[csw-maintainers] [POLICY] Policy-team, policy docs, licenses

Peter FELECAN pfelecan at opencsw.org
Sun Feb 13 13:32:43 CET 2011


Philip Brown <phil at bolthole.com> writes:

> On Sat, Feb 12, 2011 at 11:05 AM, Peter FELECAN <pfelecan at opencsw.org> wrote:
>> Philip Brown <phil at bolthole.com> writes:
>>...
>>> As such, there is a higher standard to "do things properly".
>>> I thought a simple way to describe that was as "a business".
>>...
>> The legal form of OpenCSW is a foundation, i.e. a non-profit
>> association.
>>
>> Of course, that doesn't mean that we don't act professionally.
>>
>> Can you give an example of things that are done improperly, from a
>> professional point of view,  in our activities?
>>
>
> Two such examples (but not the only examples) are;
> 1. not following good forms for discussion of the voting ballot,
> before the vote ballot is actually active

This is not an example but an opinion.

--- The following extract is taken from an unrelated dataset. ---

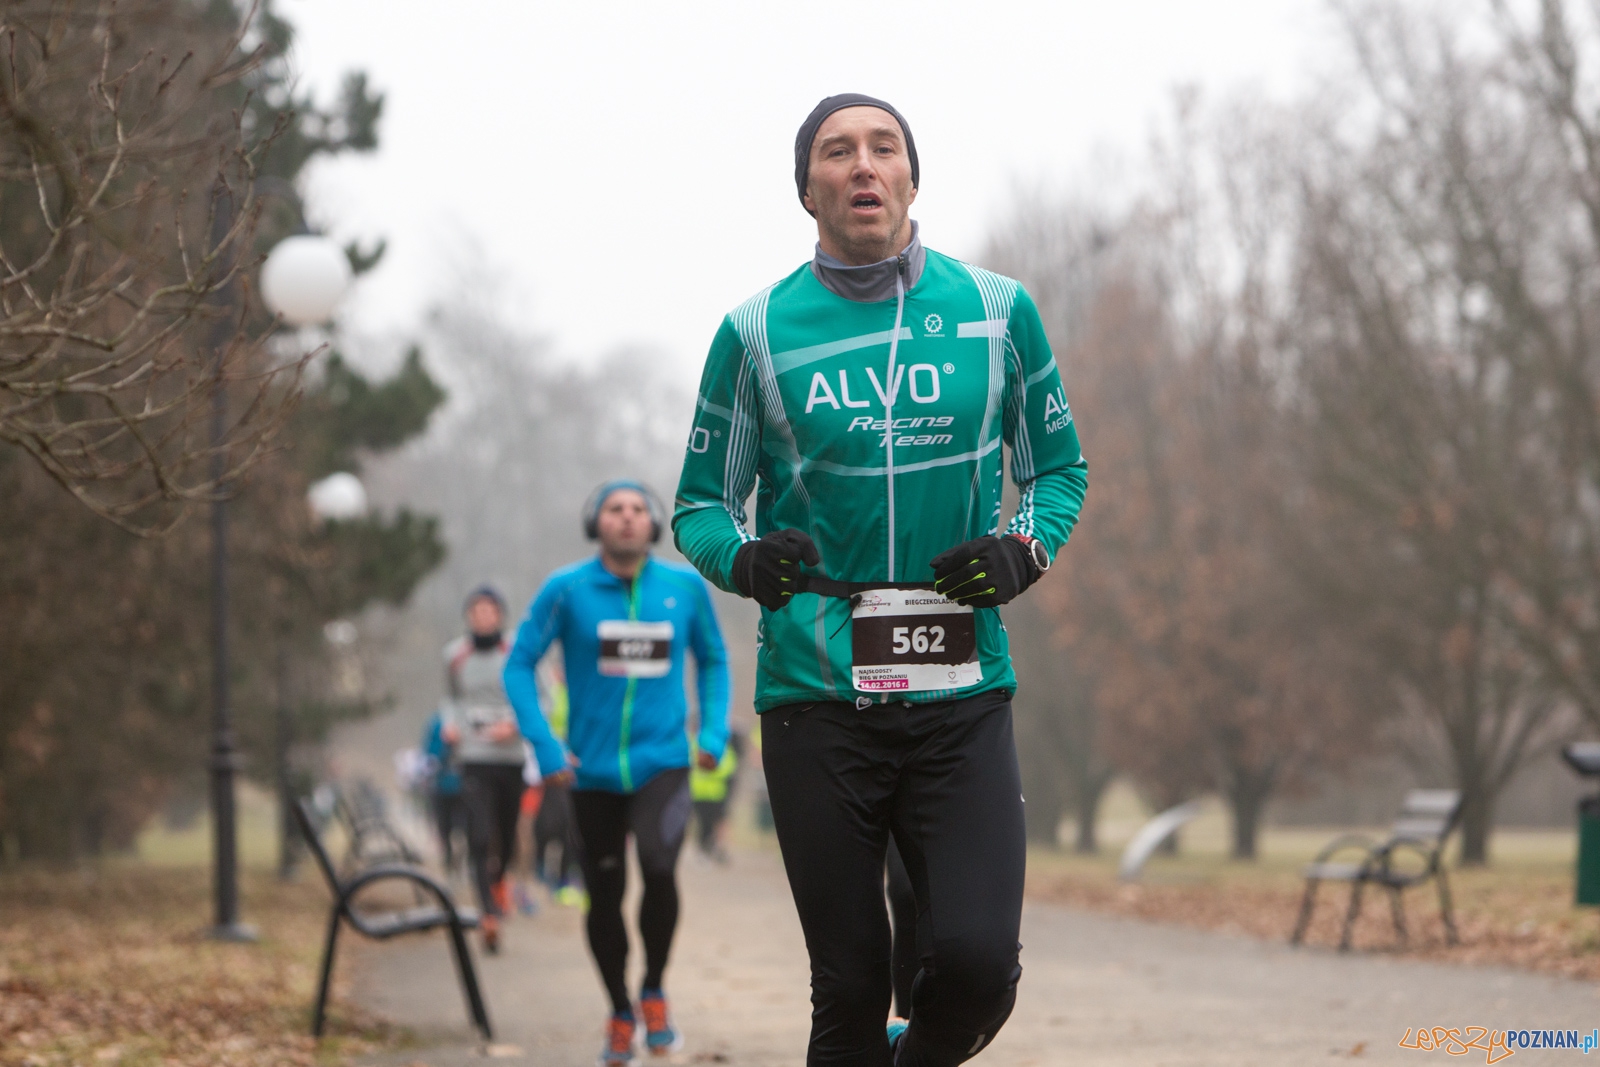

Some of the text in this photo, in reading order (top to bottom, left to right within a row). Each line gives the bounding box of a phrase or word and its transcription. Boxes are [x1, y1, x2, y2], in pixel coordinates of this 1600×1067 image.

An example would be: in the
message xxx the following "yyy" is not professional.

> 2. people griping at me for pointing out "this policy document does
> not say what you claim you want it to do"

What you describe is your feelings, i.e., that people are "griping" at
you. Have you envisioned that the other people feel the same way with
regard to your way of discussing?

> Given that we are a legal entity, we then are sadly held to "legal
> (ie: lawer-proof) standards" of accuracy in our official policies and
> documents.

Sorry to say, but this "legal entity" argument is inappropriate. Again,
we are not a business, with legal counsel, contracts, customers and
everything that a business has. We are an association of volunteers,
donating our work to the foundation. That is not to say that we don't
have a legal context, it's to say that it's not the same as that for a
business.

> Me pointing out the documents are inaccurate, and asking that they be
> made to match the claimed stated intent, is NOT "obstructionist".
> It's me showing professional levels of diligence.

Even if it would be true, which I don't think, it is felt as
obstruction. Introducing regularly new arguments, e.g., "legal entity",
constraints, &c.

> The professional thing for others to do, would be to recognize that.

If people don't agree with you they are unprofessional? How's that?

> The anti-professional thing is to throw insults and insinuations at me
> for doing so.

Can you show examples of insults that were thrown to you?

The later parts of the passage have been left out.